Expand your presence beyond your own website.
Melissa Popp, VP of Content Strategy and Innovation at Ricketyroo, articulates a strategy that women in tech SEO are increasingly calling "training-data SEO": publish thought leadership on high-authority domains, participate in open datasets, and make your expertise crawlable. If your brand does not appear when an AI explains your topic, you have already lost the awareness stage. The future of organic visibility starts in the prompts, not the SERPs.

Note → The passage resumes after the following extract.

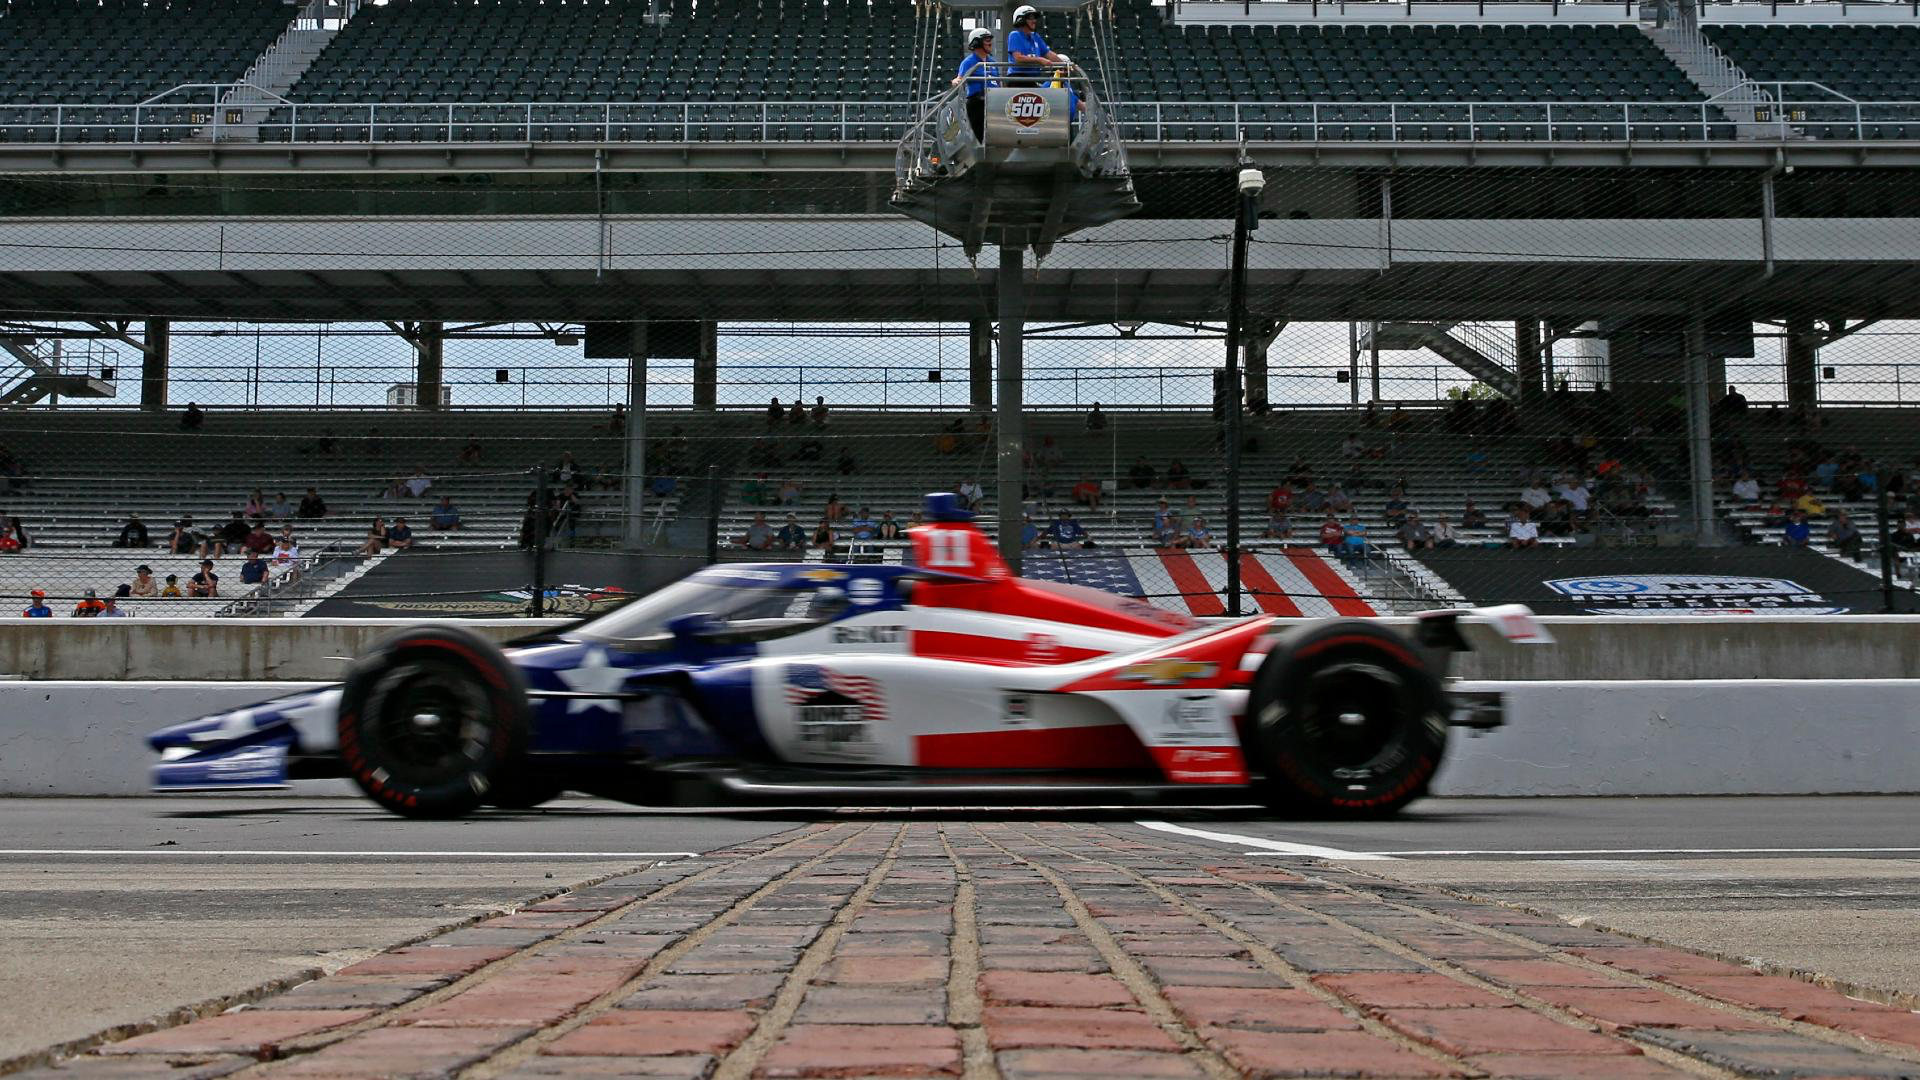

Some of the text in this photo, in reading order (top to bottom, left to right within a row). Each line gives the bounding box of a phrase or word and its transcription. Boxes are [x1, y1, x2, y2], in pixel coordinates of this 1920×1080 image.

This directly connects to Ramona Joita's parallel recommendation: expand beyond your website and get featured in listicles, Reddit discussions, and reputable publications, and publish thought leadership on LinkedIn, Medium, or Substack to help AI systems associate your brand with authority. The underlying mechanism is the same — AI engines do not cite from a single source. They corroborate. If your brand is mentioned consistently across multiple independent, high-quality surfaces, citation becomes structurally likely rather than structurally improbable.
For Australian mid-market businesses, this is the most exploitable gap in the current landscape. Most competitors are optimising their own site for Google. Almost none are building the distributed, multi-source entity presence that makes AI citation structurally inevitable. The window to establish that presence before competitors do is measurable in months, not years.
Track the metrics that reflect the new reality.
Aleyda Solis recommended at WTSFest 2026 that teams future-proof their measurement frameworks by tracking visibility, citations, and sentiment alongside traditional rankings. Three tools were specifically highlighted as instrumental for this expanded tracking: Radyant AI Search Dashboard for monitoring brand citations across AI interfaces, SimilarWeb for broader traffic and competitive intelligence, and Waikay for AI search exposure and sentiment.
Emina Demiri-Watson, Head of Digital Marketing at Vixen Digital, offers an important caution around measurement obsession: "We should be focusing on how well we understand our audiences, how our brand shows up, and how all of that drives genuine connection and action." The expanded toolkit is a means, not an end. The end is commercial visibility that converts.
Dawn Anderson, whose WTSFest session on generative information retrieval was one of the most evidence-grounded talks of the event, provides the steadiest perspective on where this all leads: "In a fast-moving AI landscape, misinformation spreads easily, even among SEOs. It's okay to say 'I don't know' while we test and learn. Focus on fundamentals. High-quality, technically sound, authoritative content still underpins success, regardless of interface changes."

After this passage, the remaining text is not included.